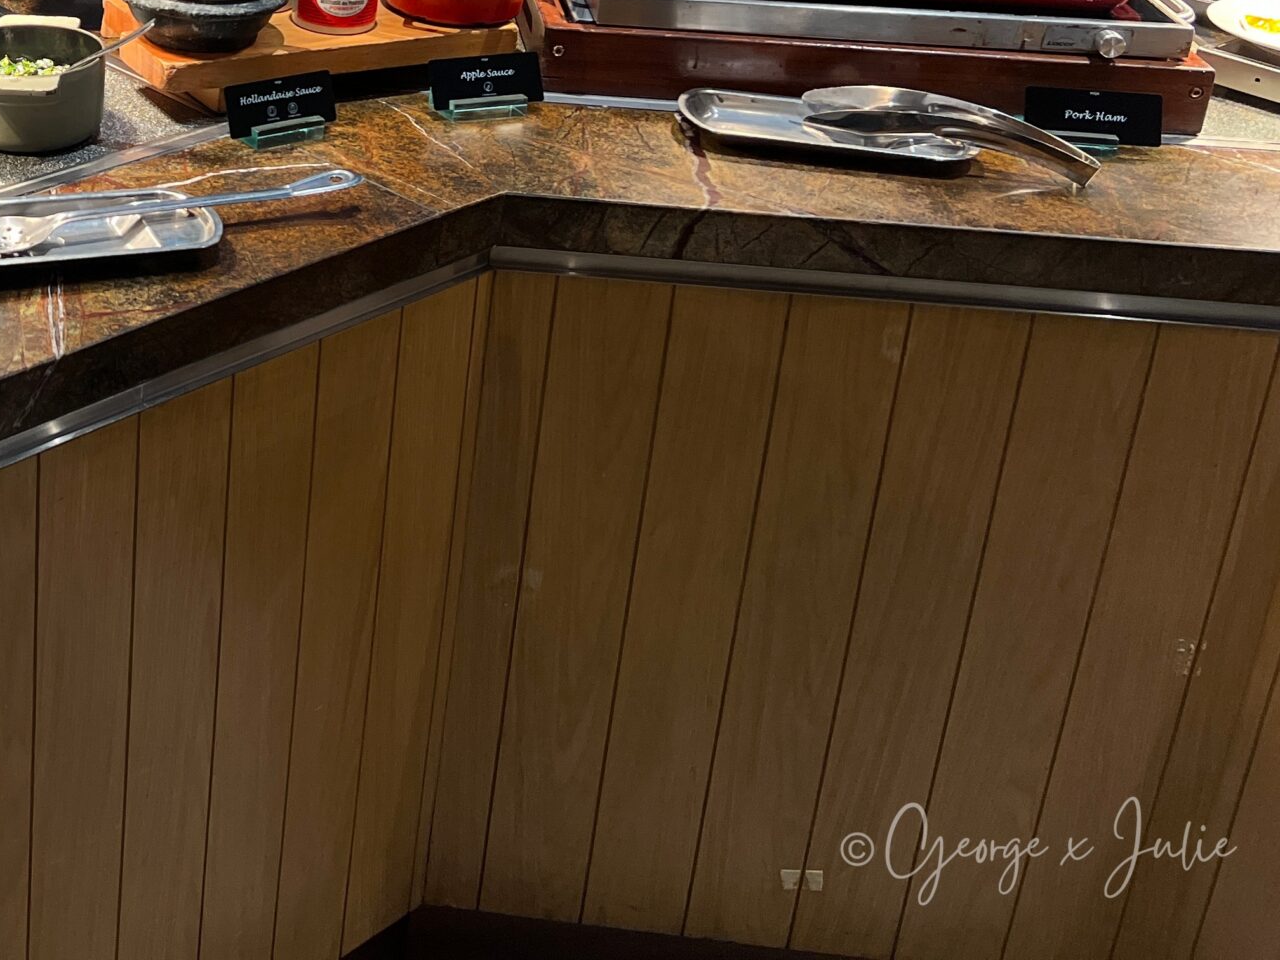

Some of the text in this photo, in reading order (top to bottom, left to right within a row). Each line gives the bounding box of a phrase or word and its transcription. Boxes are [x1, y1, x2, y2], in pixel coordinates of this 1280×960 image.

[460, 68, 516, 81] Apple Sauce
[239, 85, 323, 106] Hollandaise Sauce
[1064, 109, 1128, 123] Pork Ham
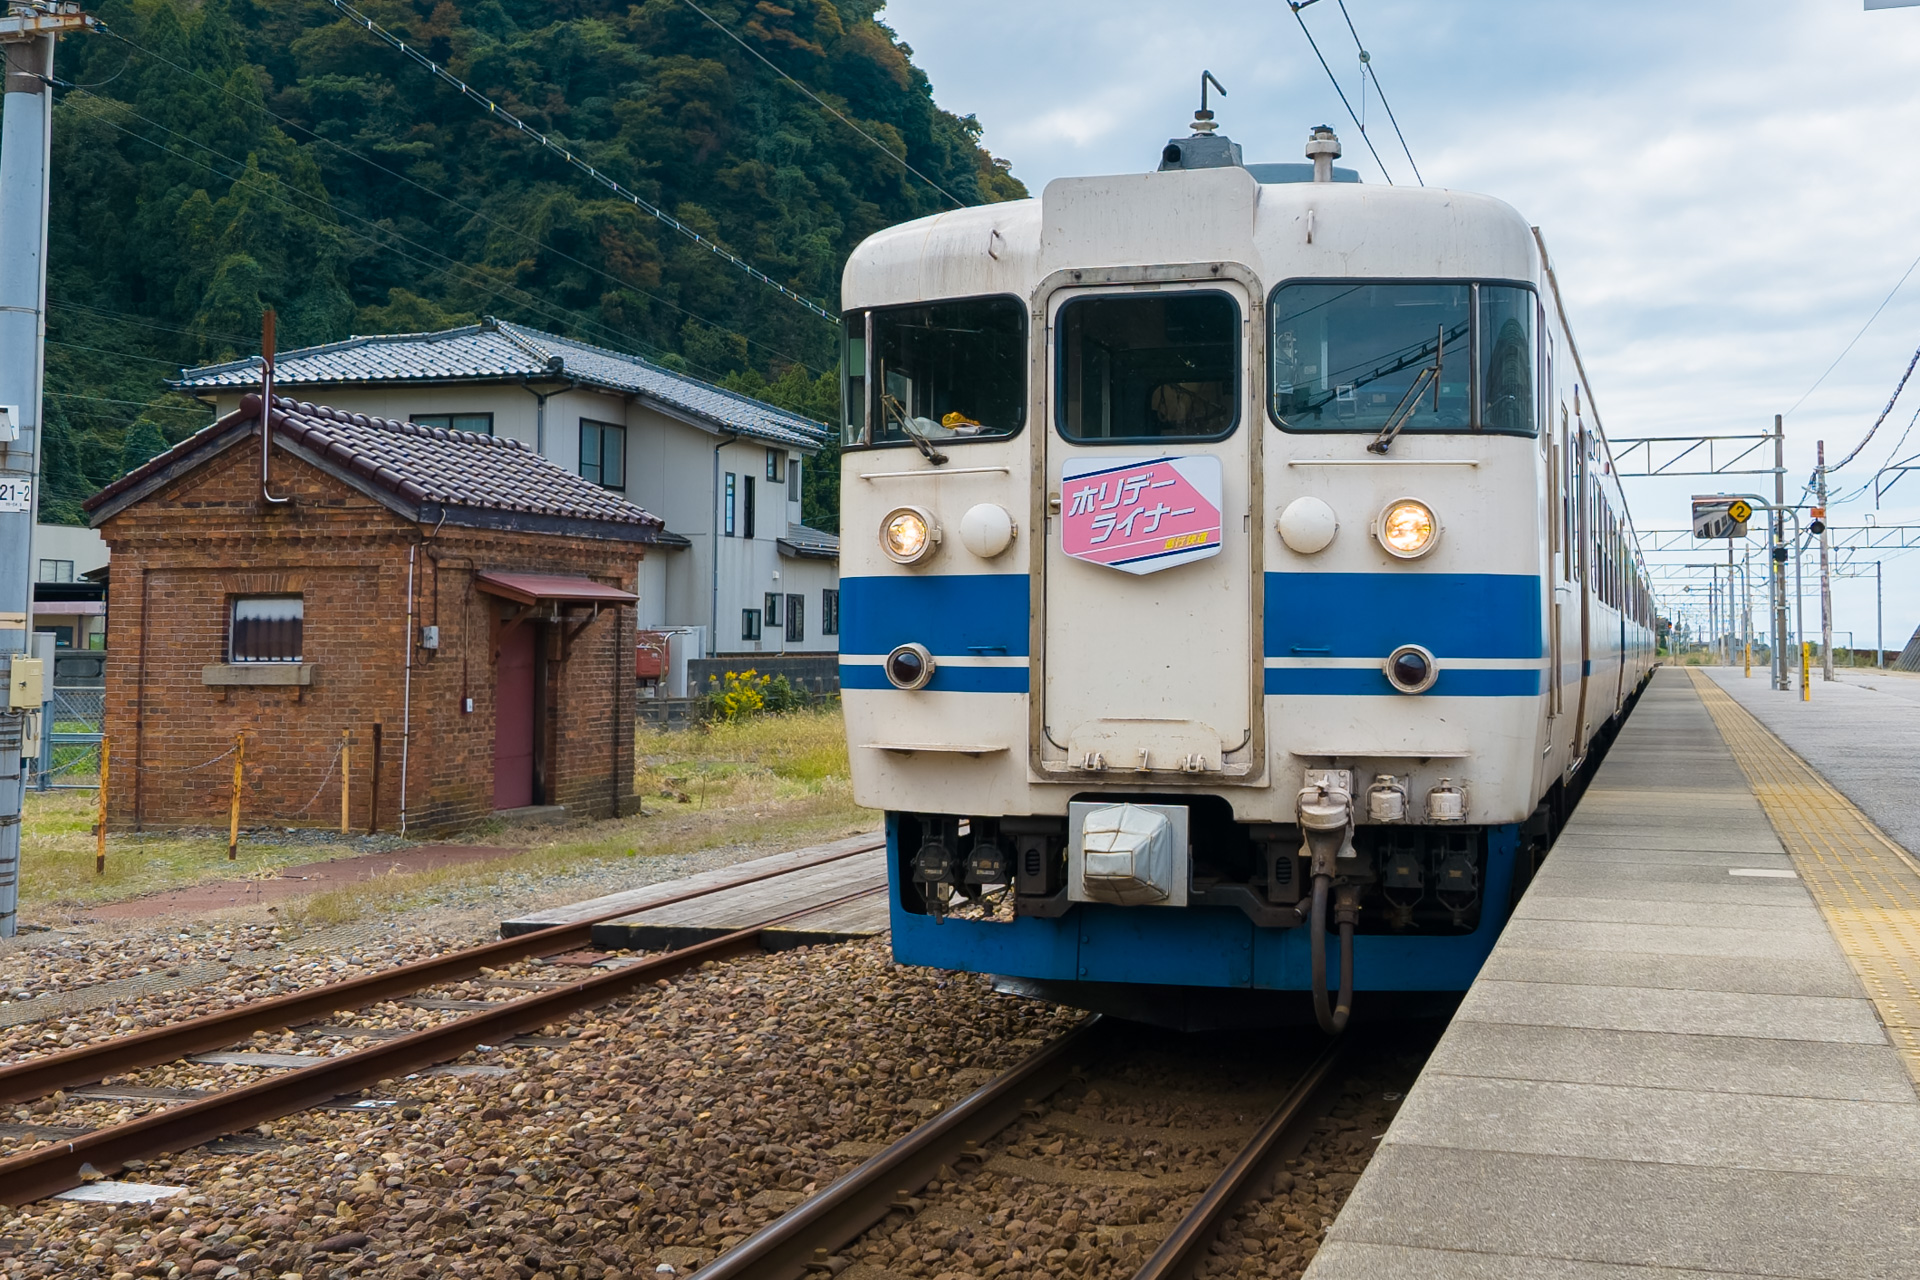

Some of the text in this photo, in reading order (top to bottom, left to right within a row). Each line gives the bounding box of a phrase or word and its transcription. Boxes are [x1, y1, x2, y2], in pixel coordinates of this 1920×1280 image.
= = = =
▸ **Exercise instructions**
Reproduce the data word for word without its images.

▸ **Your solution**
Some of the text in this photo, in reading order (top to bottom, left to right within a row). Each line gives the bounding box of a phrase or word and its transcription. Boxes are [x1, y1, x2, y2], in pixel coordinates of this 1280×960 image.

[460, 68, 516, 81] Apple Sauce
[239, 85, 323, 106] Hollandaise Sauce
[1064, 109, 1128, 123] Pork Ham

Some of the text in this photo, in reading order (top to bottom, left to right within a row). Each line gives the bounding box of a phrase or word and its transcription. Boxes are [x1, y1, x2, y2], in pixel coordinates of this 1920×1280 image.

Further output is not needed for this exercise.